El endeudamiento en la actualidad está en mínimos históricos (aunque si contamos compromisos ocultos y pagos postergados, probablemente haya dejado de caer hace un par de años). El déficit fiscal es manejable y depende en gran medida de subsidios a la clase media que debieron haber sido reducidos hace tiempo. La inflación inercial podría atacarse de manera incruenta con una combinación de transparencia (un IPC genuino), política (un banco central que se ocupe del tema) y un acuerdo de precios y salarios alrededor de una pauta. Y la escasez de dólares se debe menos a la apreciación del peso que a la obcecación del Gobierno por alienar al capital privado, extranjero y local. Simplificando, podría concluirse que si la Argentina moderara la inflación y recibiera inversiones extranjeras en petróleo, minería e infraestructura -algo que tarde o temprano sucederá- el tipo de cambio estaría más cerca del oficial que del paralelo, los controles serían redundantes, reviviría el crédito de mediano plazo y el crecimiento convergería al 5% regional.

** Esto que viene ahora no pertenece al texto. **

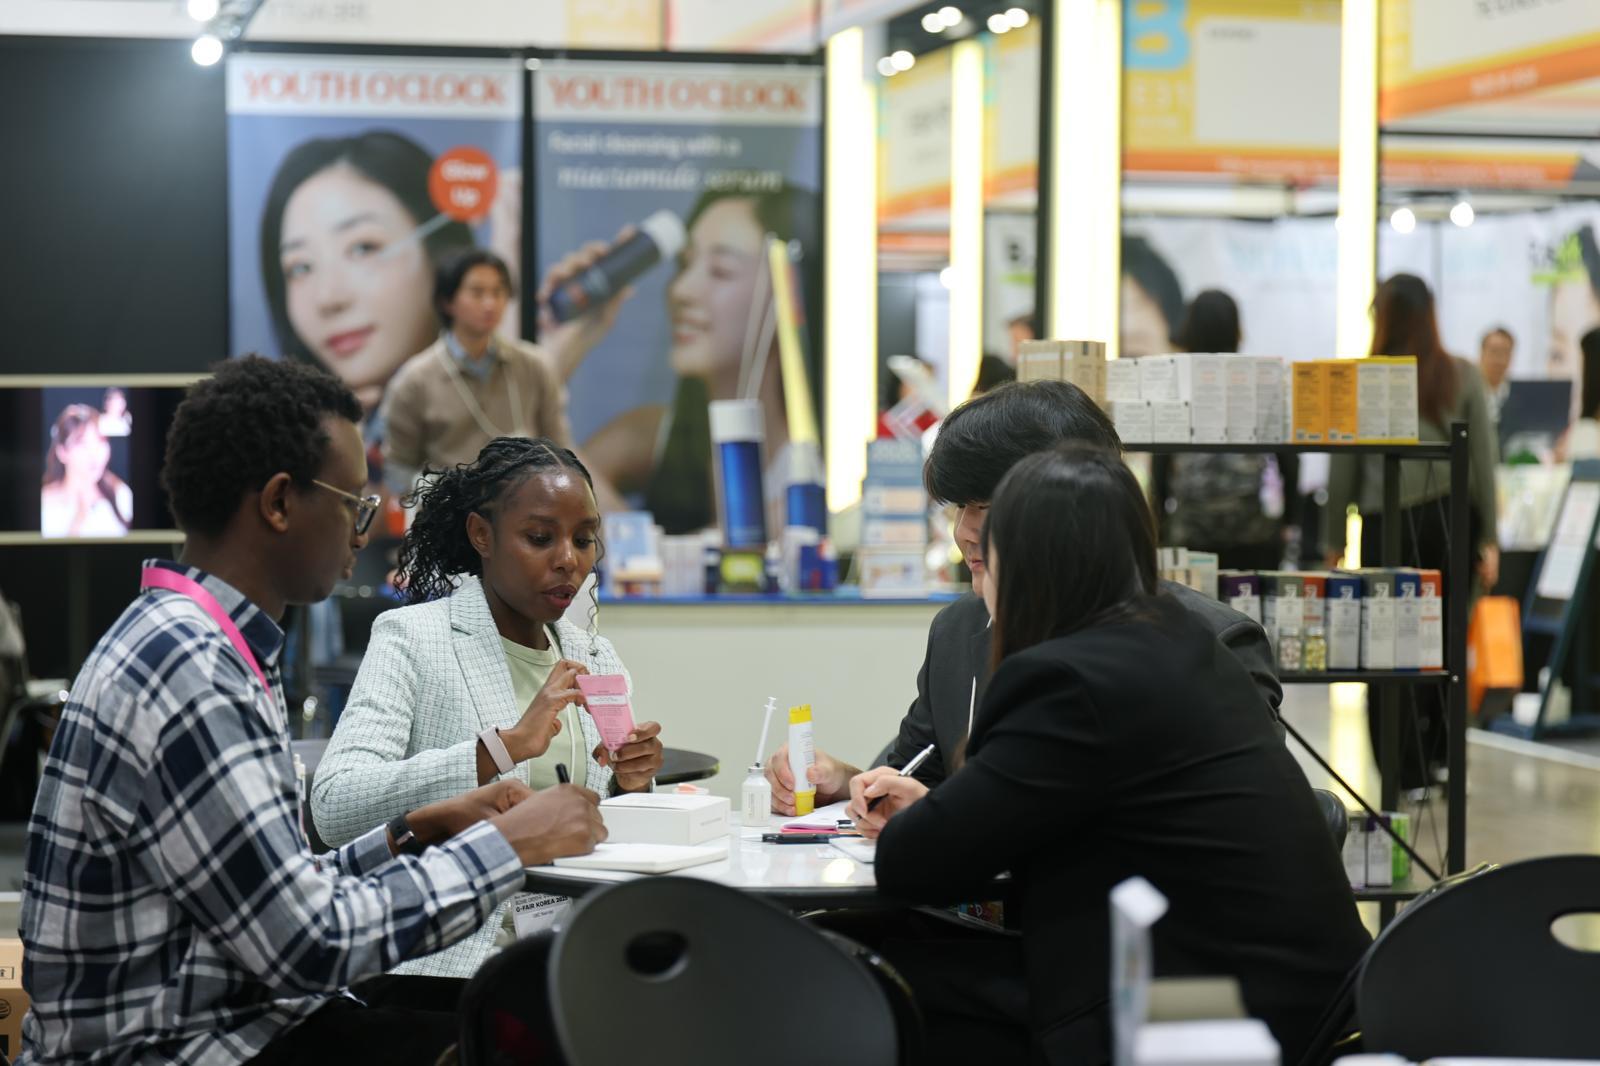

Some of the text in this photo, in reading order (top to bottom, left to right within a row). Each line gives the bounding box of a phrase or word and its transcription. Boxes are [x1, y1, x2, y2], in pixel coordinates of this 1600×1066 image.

[244, 71, 361, 104] YOUTH
[548, 74, 665, 111] YOUTH
[536, 898, 556, 908] KOREA

Todos conocemos el resultado de una crisis económica: es la manera más traumática en la que se resuelve un reacomodamiento que no puede instrumentarse de manera gradual: una quita de deuda, una devaluación, un ajuste de ingresos reales. Pero si el escenario de llegada no difiere mucho del de partida, si no existe esta necesidad de un reacomodamiento brusco, no hay razones para que la acumulación de errores precipite una corrección masiva. Con un tipo de cambio bajo presión pero que al final del día no debería ser muy distinto del actual y un déficit que se deteriora pero sin llegar al desmadre de los 80, habrá que acostumbrarse a una brecha cambiaria volátil y creciente, una presión e intervención fiscal en aumento y una inflación reptando por arriba del 30%.
Como hasta ahora.
Más optimista parecería ser quien anticipa la crisis como un baño de realidad, como preámbulo de un cambio para mejor; las crisis no son el comienzo de nada bueno. Más pesimista sería, inadvertidamente, quien vaticina con alegría una eternidad de controles y ajustes atolondrados y derrape lento a contrapelo de la región; insistir en el error sólo nos aleja de la solución.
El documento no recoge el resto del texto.